After step~2, we find that only the last graph in Fig.~\ref{Fig2} corresponds to a TIFS. This graph, also depicted in Fig.~\ref{Fig1}(a), was first introduced by Kochen and Specker~\cite[Fig.~1, p.~182]{KS65}; and later used as a subgraph of the graph $\Gamma_1$ of Kochen and Specker~\cite{KS67}, as depicted in Fig.~\ref{Fig1}(b). Specker referred to this graph as the ``bug.'' This proves that, in $d=3$, there is no TIFS with a smaller number of propositions than the one introduced by Kochen and Specker in 1965 has. This implies, by Lemma 2, that there is no TITS with a smaller propositions than the one whose Greechie orthogonality is shown in Fig.~\ref{Fig1}(b).

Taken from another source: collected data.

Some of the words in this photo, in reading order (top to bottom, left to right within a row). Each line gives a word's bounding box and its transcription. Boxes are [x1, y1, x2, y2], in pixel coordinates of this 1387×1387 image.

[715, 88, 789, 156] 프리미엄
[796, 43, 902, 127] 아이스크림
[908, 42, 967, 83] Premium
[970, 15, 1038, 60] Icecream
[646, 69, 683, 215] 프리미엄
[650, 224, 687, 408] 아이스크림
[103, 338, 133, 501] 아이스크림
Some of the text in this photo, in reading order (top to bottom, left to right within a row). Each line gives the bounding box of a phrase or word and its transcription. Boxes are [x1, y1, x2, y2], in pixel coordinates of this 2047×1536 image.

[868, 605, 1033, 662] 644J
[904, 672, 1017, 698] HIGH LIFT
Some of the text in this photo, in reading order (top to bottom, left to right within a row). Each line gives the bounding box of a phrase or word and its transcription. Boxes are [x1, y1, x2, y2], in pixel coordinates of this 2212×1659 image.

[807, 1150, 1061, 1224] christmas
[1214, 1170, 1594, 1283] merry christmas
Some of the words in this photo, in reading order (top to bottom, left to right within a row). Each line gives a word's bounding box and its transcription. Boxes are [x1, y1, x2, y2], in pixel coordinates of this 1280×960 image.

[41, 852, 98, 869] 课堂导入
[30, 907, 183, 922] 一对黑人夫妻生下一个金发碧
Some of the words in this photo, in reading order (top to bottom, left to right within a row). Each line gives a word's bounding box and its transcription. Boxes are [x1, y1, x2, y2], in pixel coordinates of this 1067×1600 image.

%%%%%%%%%%%%%%%%%%%%%%%%%%%%%%%%%%%%%%%%%%%%%%%%%%%%%%%%%%%%%%%%%%%%%%%%%%%%%
Orthogonal representations of the minimal TIFS and TITS are presented in the caption Fig.~\ref{Fig1}. An orthogonal representation of a graph is a set of unit vectors in one-to-one correspondence with the vertices of the graph and such that adjacent vertices are associated orthogonal vectors. It can be easily shown that the minimum angle between the vectors corresponding to vertices $A$ and $B$ is $\arccos\left(\frac{1}{3}\right)$ \cite{Cabello94,Cabello96}. It is interesting to notice that the orthogonal representation of one of the pentagons determines univocally the orthogonal representation of the graph of exclusivity corresponding to a TIFS. This can be seen as follows: Suppose we have the vectors corresponding to $A,v_1,v_2,v_3$ and $v_4$. Then, $v_5$ is the vector product of
$v_1$ and $v_3$. Similarly, $v_6$ is the vector product of
$v_2$ and $v_4$, and $B$ is the vector product of
$v_5$ and $v_6$. Also $v_7$ is the vector product of
$A$ and $B$, and $C$ is the vector product of
$B$ and $v_7$. Notice also that three nonconsecutive vertices of the pentagon univocally determine the orthogonal representation of the graph of exclusivity.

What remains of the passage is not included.